Abdulmalik Merchant: This book is uniquely Canadian because you are a Canadian and the book has also been printed and bound in Canada. You must be truly proud of it.

J. Patrick Boyer: You’re right. I am proud, for my country, having created this unique book.

During my years as a member of Canada’s House of Commons, a dozen world leaders delivered major addresses. Pérez de Cuéllar of the United Nations, Prime Minister Nakasone of Japan, President Reagan of the U.S., President Mitterrand of France, Queen Beatrix of The Netherlands, Chancellor Kohl of Germany, Prime Minister Thatcher of the U.K., President Herzog of Israel, King Hussein of Jordan, Nelson Mandela of South Africa, President Salinas of Mexico, and President Yeltsin of Russia. That was an imposing, impressive parade of players on the international scene.

Each was at the height of his or her power, advancing major policies for the world, seeking Canadian support for sharing their vision. Their messages also offered snapshots of history in the making. Indeed, the influence they had on political Ottawa made their speeches intrinsic to Canada’s evolution in world affairs. This is clear when you read what they said over an entire century in a dynamic world context.

So rather than see them fade away, I decided to gather and publish all such speeches in a single collective work. That, too, makes Foreign Voices in the House “uniquely Canadian.” All addresses by world leaders to Canadian parliamentarians over the last century are now available in one book for the first time.

Merchant: When did the idea first occur to you to gather the speeches and publish them in a book form?

Boyer: The idea came when I was witnessing, at close range, U.S. President Ronald Reagan deliver a masterful performance. So there is an exact answer to your question – April 6, 1987….That’s a long stretch to be working on a book, isn’t it? But the explanation is that the further back I went, the more speeches I kept finding! And meanwhile, coming forward in time, fifteen more leaders – including His Highness the Aga Khan in 2014 – arrived in Ottawa to speak from Canada’s most prestigious podium. So the list kept growing, at both ends.

Yet even though the project kept expanding, I decided 2017 was an ideal year to publish Foreign Voices. It’s a full century since René Viviani of France in 1917 became the first foreign leader to speak in our House of Commons. And in 2017 Canadians reflected on 150 years of Confederation and what has taken to make us the people we are. And as you already realize, Abdulmalik, Foreign Voices in the House documents that journey the way nothing else can.

“Given the state of world affairs today, [the Aga Khan’s]….address is one of the most important of all speeches delivered to the audience of Canadian parliamentarians over the last hundred years.”

Merchant: You have been writing since 1975 on a wide range of subjects – election issues, justice, democracy and leadership, among many other themes. What particular challenges did Foreign Voices present to you – gathering the speeches, or the search for material for your insightful introductory remarks before each speech?

Boyer: The first challenge was finding all the speeches foreign leaders had delivered. After I asked researchers in the Parliamentary Library about this, they became as curious as I was. Their existing list at the time seemed scant, so they looked for more, and found quite a few.

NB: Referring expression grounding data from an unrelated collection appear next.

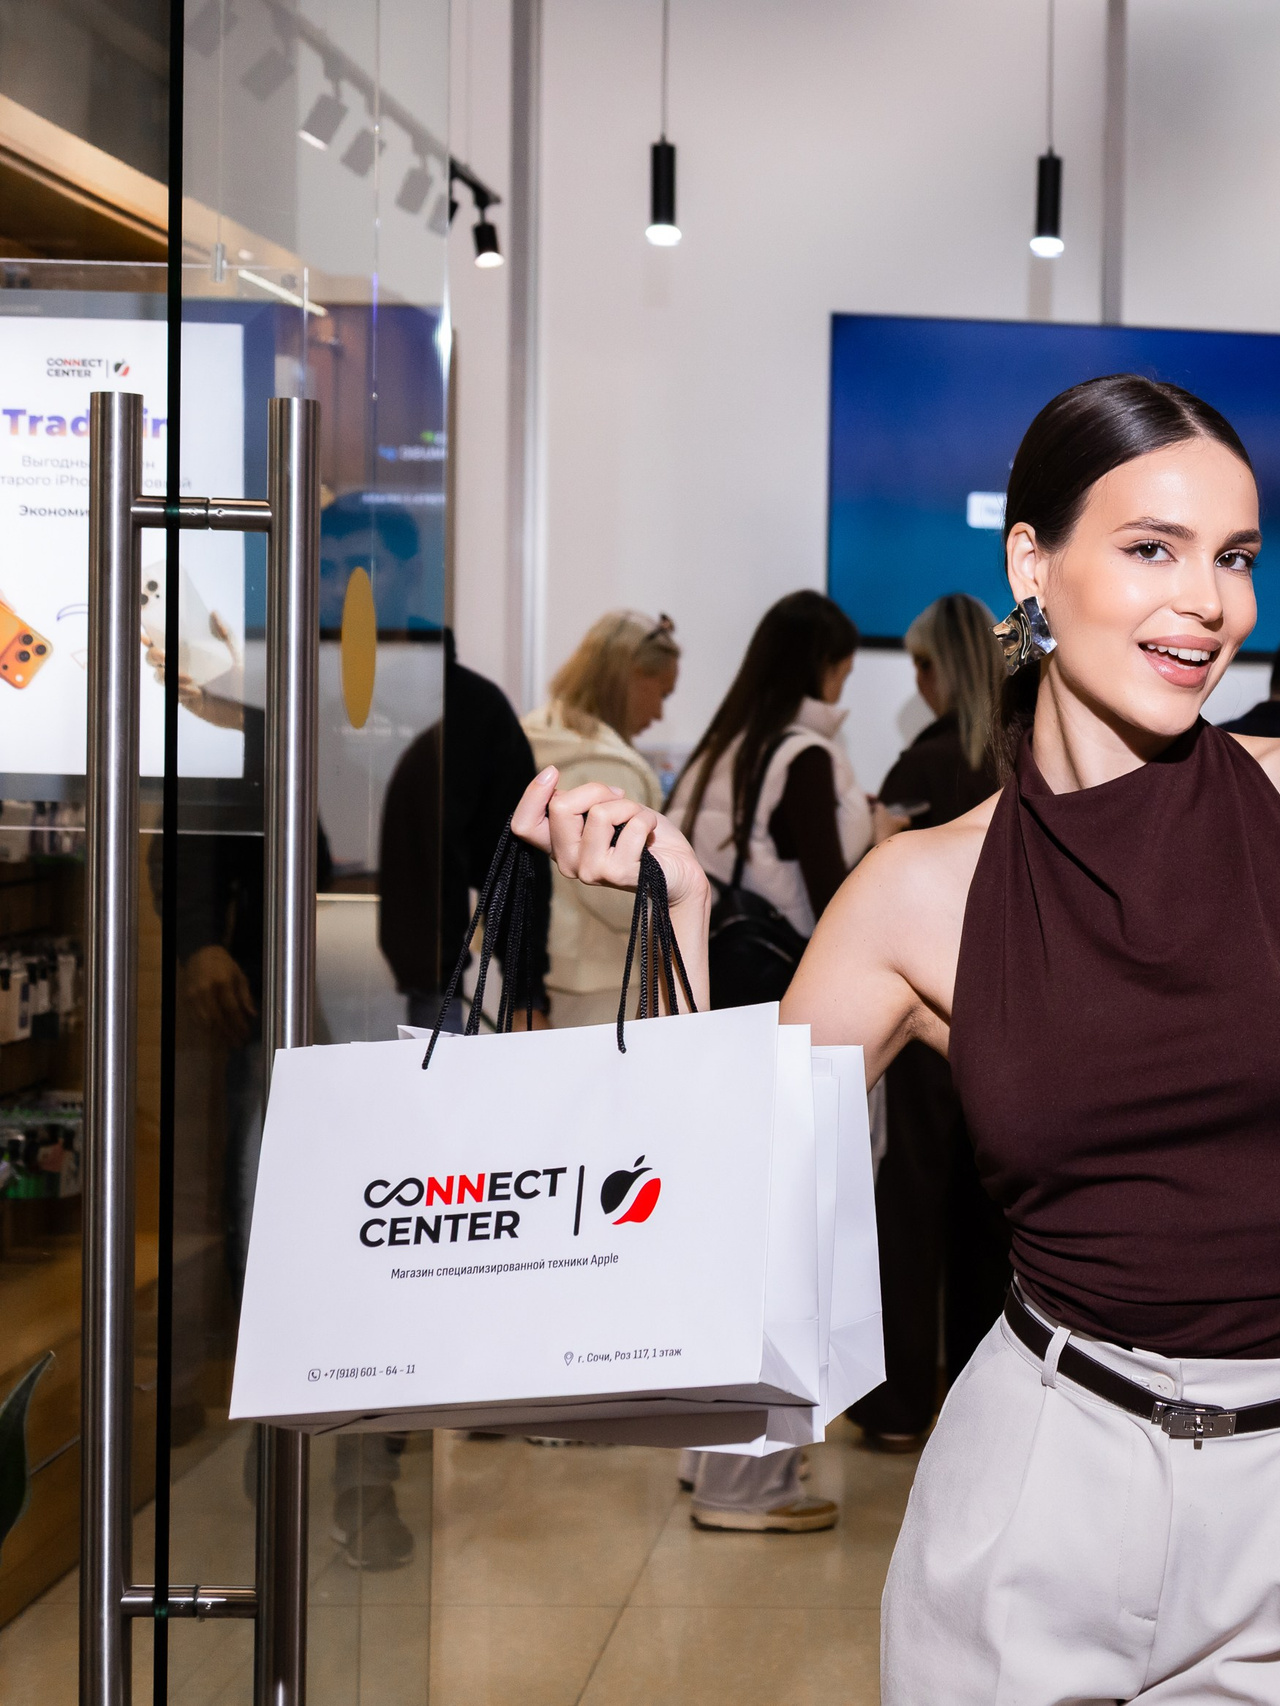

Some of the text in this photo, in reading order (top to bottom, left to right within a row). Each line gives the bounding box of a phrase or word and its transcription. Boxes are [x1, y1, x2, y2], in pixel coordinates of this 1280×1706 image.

[47, 358, 102, 367] CONNECT
[47, 368, 91, 378] CENTER
[22, 455, 90, 469] Выгодны
[0, 475, 50, 487] тарого
[55, 474, 90, 487] iPho
[19, 505, 90, 518] Экономи
[363, 1166, 567, 1209] CONNECT
[359, 1210, 521, 1248] CENTER
[390, 1252, 619, 1280] Магазин специализированной техники Apple
[586, 1352, 612, 1363] Сочи,
[614, 1350, 631, 1361] Роз
[633, 1349, 650, 1360] 117,
[659, 1347, 682, 1357] этаж
[336, 1367, 359, 1380] (918)
[360, 1367, 377, 1377] 601
[385, 1366, 398, 1376] 64
[406, 1364, 416, 1375] 11
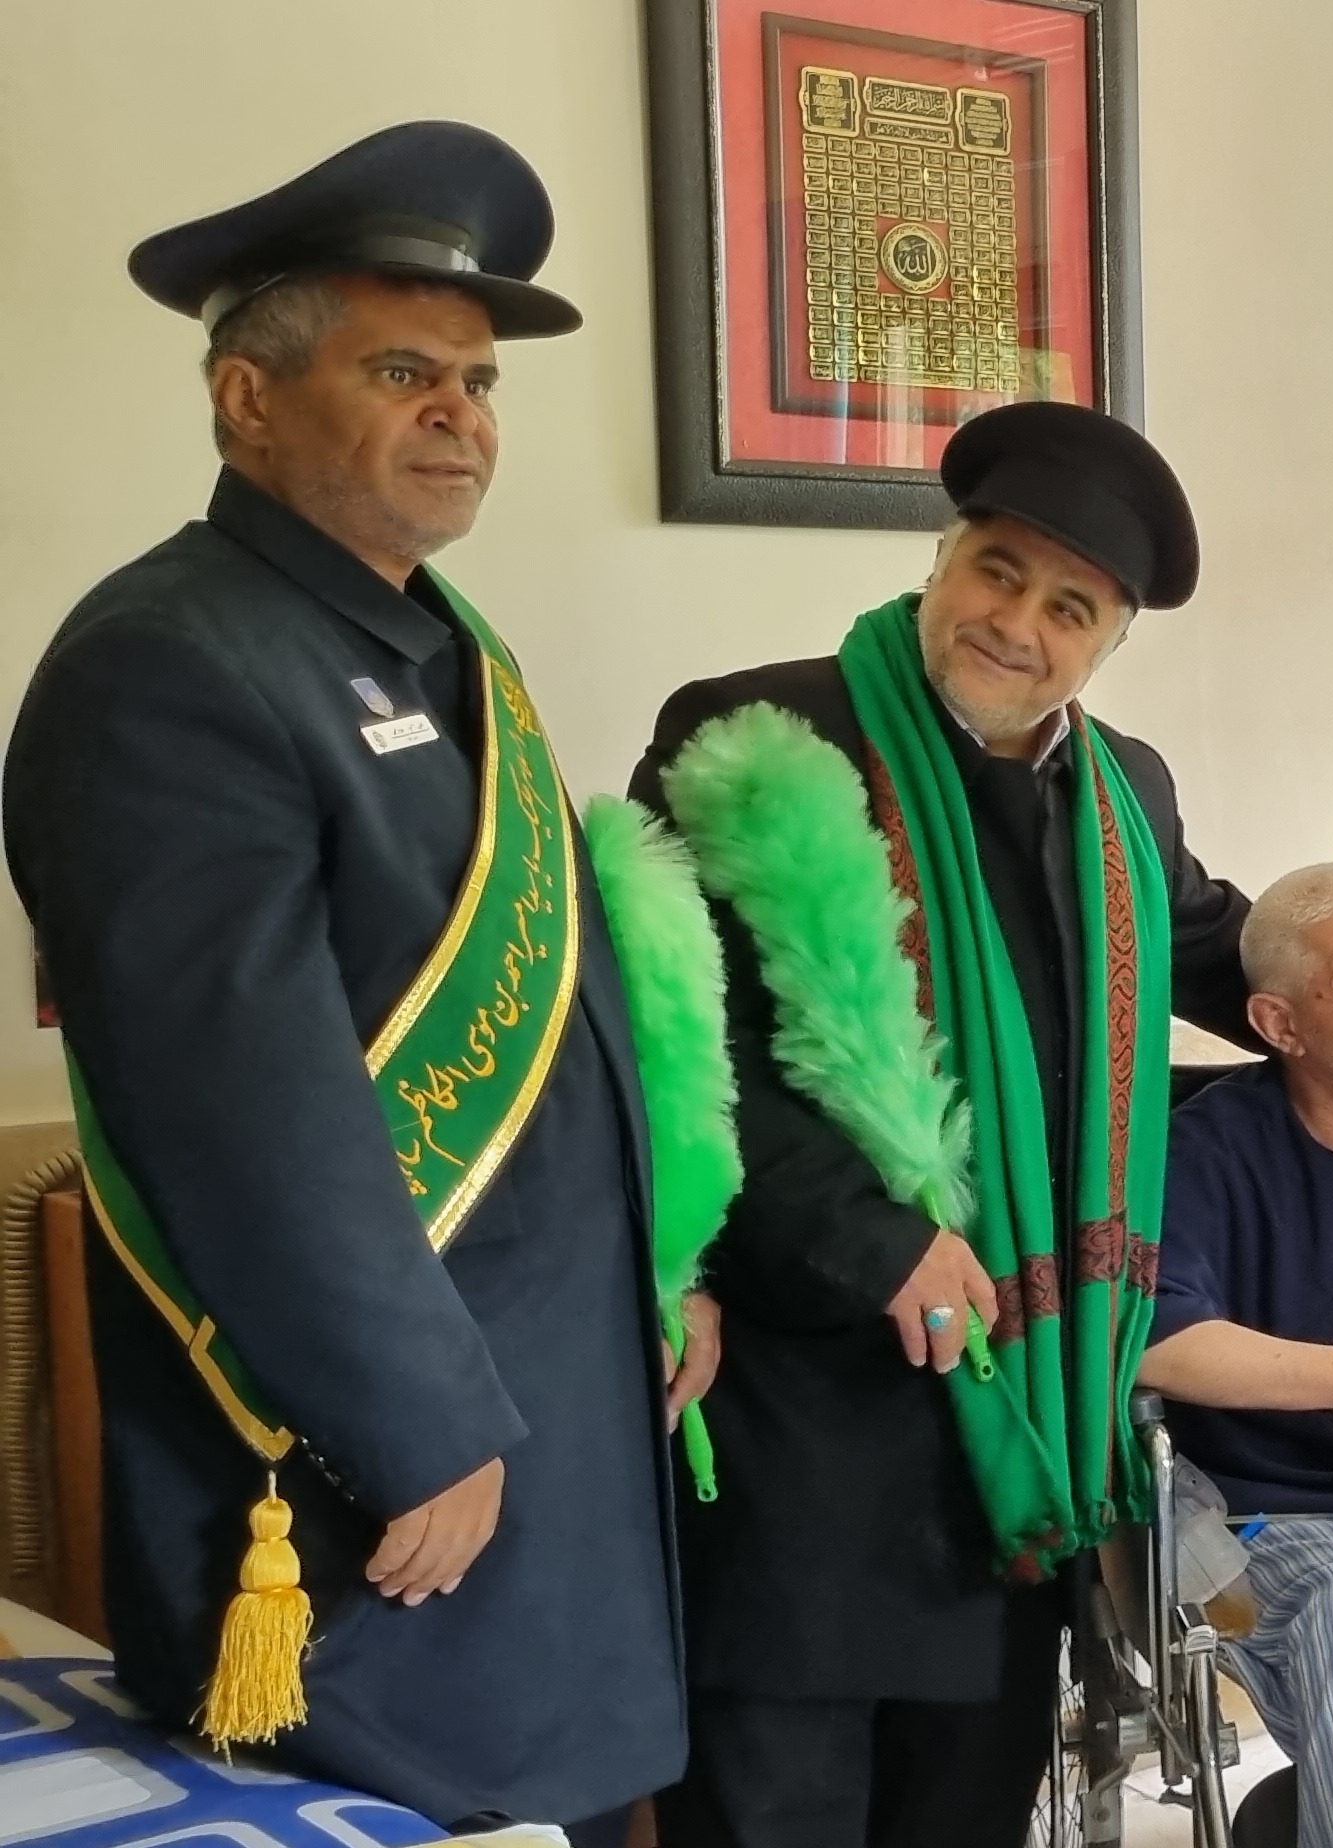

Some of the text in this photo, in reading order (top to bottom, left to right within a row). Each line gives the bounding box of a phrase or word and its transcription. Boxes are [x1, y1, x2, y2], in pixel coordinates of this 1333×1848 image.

[897, 241, 932, 278] الله
[503, 940, 526, 994] احمد
[492, 980, 530, 1028] بن
[462, 1007, 497, 1078] موسی
[398, 1062, 466, 1168] الکاظم
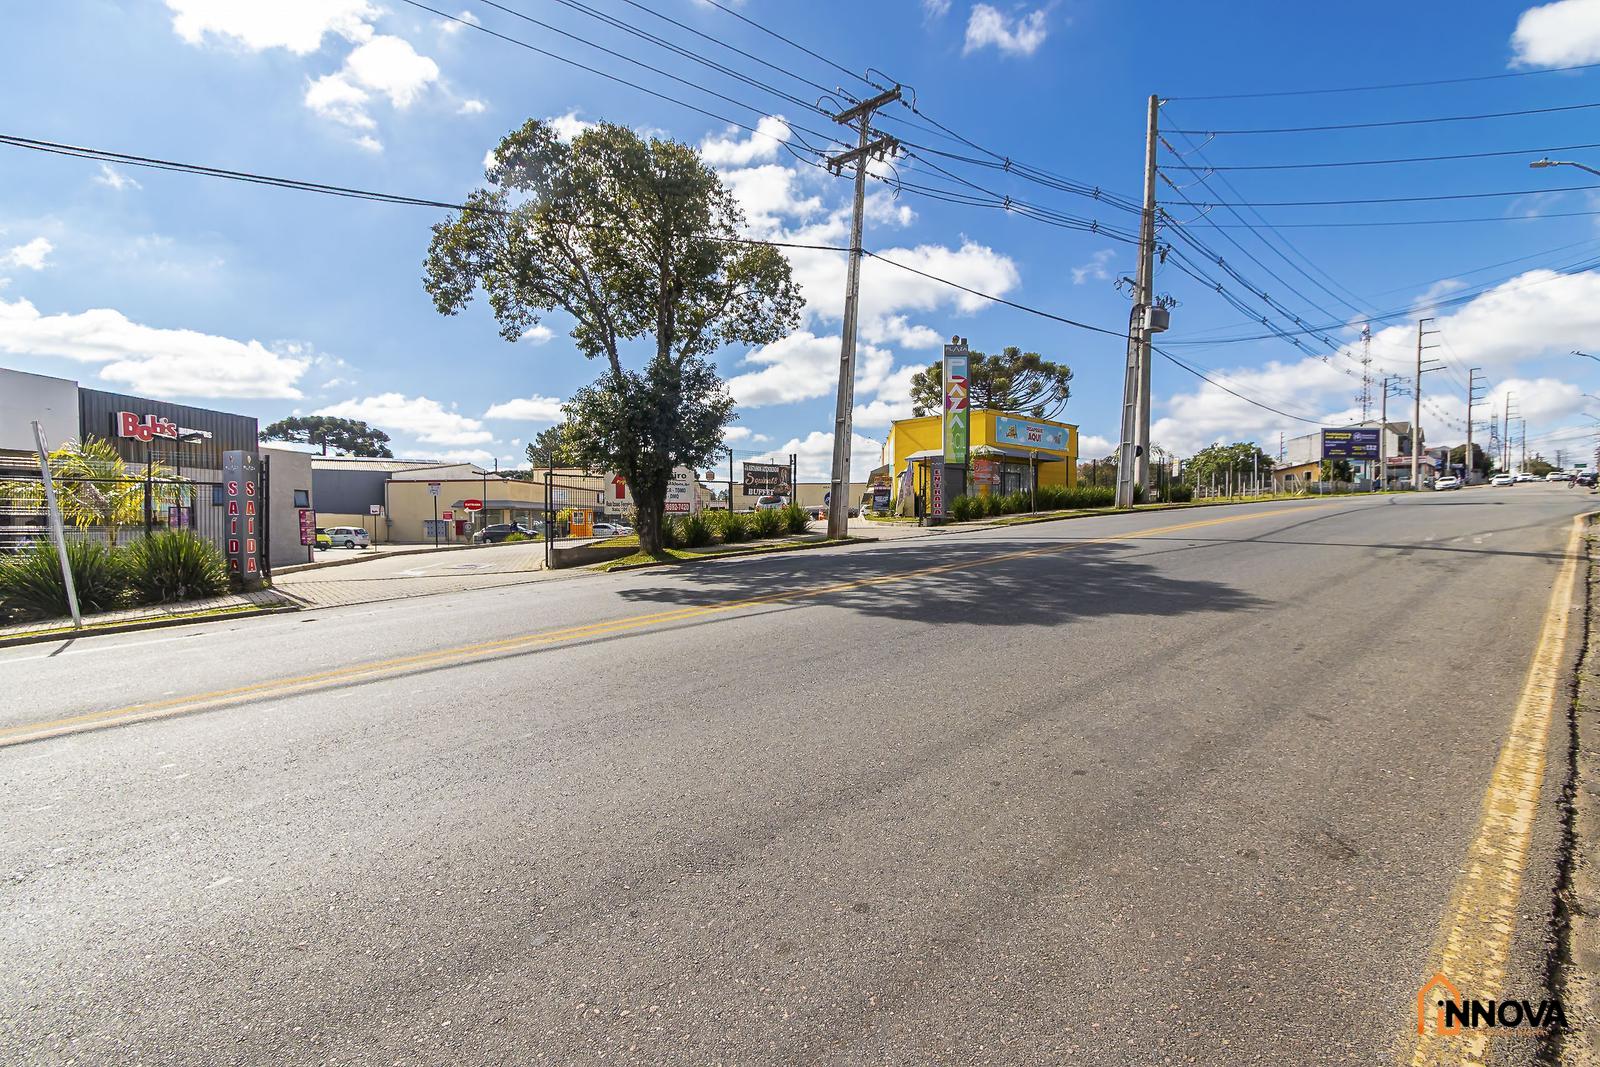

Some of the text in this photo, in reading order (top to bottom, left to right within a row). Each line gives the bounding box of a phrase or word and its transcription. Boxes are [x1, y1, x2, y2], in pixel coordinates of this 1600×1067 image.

[1027, 432, 1042, 442] AQUI
[748, 488, 775, 496] BUFFET
[228, 481, 239, 573] SAÍDA
[246, 481, 257, 572] SAÍDA

Next, not all were printed in parliamentary records. For example, the 1964 address by United Nations Secretary-General Thant, was one I had to obtain through other sources. Other times the speech didn’t get printed in the parliamentary proceedings for weeks, or months. Even after the Library researchers thought all had been found – and posted on Parliament’s official website that Winston Churchill’s 1941 speech was the first – I still found earlier ones. For instance, not only did France’s René Viviani speak in 1917, but so did Britain’s Arthur Balfour

Another challenge was tracking down photographs of each world leader in Canada’s parliament. Readers are astonished to see such legendary figures as Franklin Roosevelt, Sukarno, Nehru, Liaquat Ali Khan, Charles de Gaulle, and Madame Chiang Kai-shek in Canada’s House of Commons…..Tracing all those photographs proved harder than one might think.

Writing the biographies of each leader which accompany his or her speech, to which you refer, was utterly enjoyable….My short biographies help readers who might not know the fascinating stories of these human individuals delivering their urgent messages.

Merchant: In your introduction to the volume, you note two important contexts involving any speech that is delivered: the Occasion and the Audience. Would you elaborate on these two core elements for the speech that the Aga Khan delivered, and how important it was for him to address the Canadian Parliament?

Boyer: Yes, putting a speech in context is essential to understanding it. This requires seeing the crises and events of transcending significance at the time the leader spoke…..

When the Aga Khan addressed Canadian parliamentarians, the world was awakening to new challenges relating to the Muslim world, the Ummah, in its many complexities. It is, frankly, quite sad how little a great many people actually know about Islam and its accomplishments over many centuries, leaving them more open to fear and misunderstandings. He addressed our House of Commons, moreover, in a special category of “world leader.” On three occasions, secretaries-general of the United Nations (Thant, Perez de Cuellar, and Kofi Annan) presented a global frame of reference for Canada’s international relations and transnational conditions. They did not speak for another country but rather the comity of all nations. It is in their company that the Aga Khan delivered his message, and why I group all four, in Foreign Voices, in a section called “Transnational Leaders.”

Given the state of world affairs today, his rational, specific, historically based, and ultimately inspiration address is one of the most important of all speeches delivered to the audience of Canadian parliamentarians over the last hundred years.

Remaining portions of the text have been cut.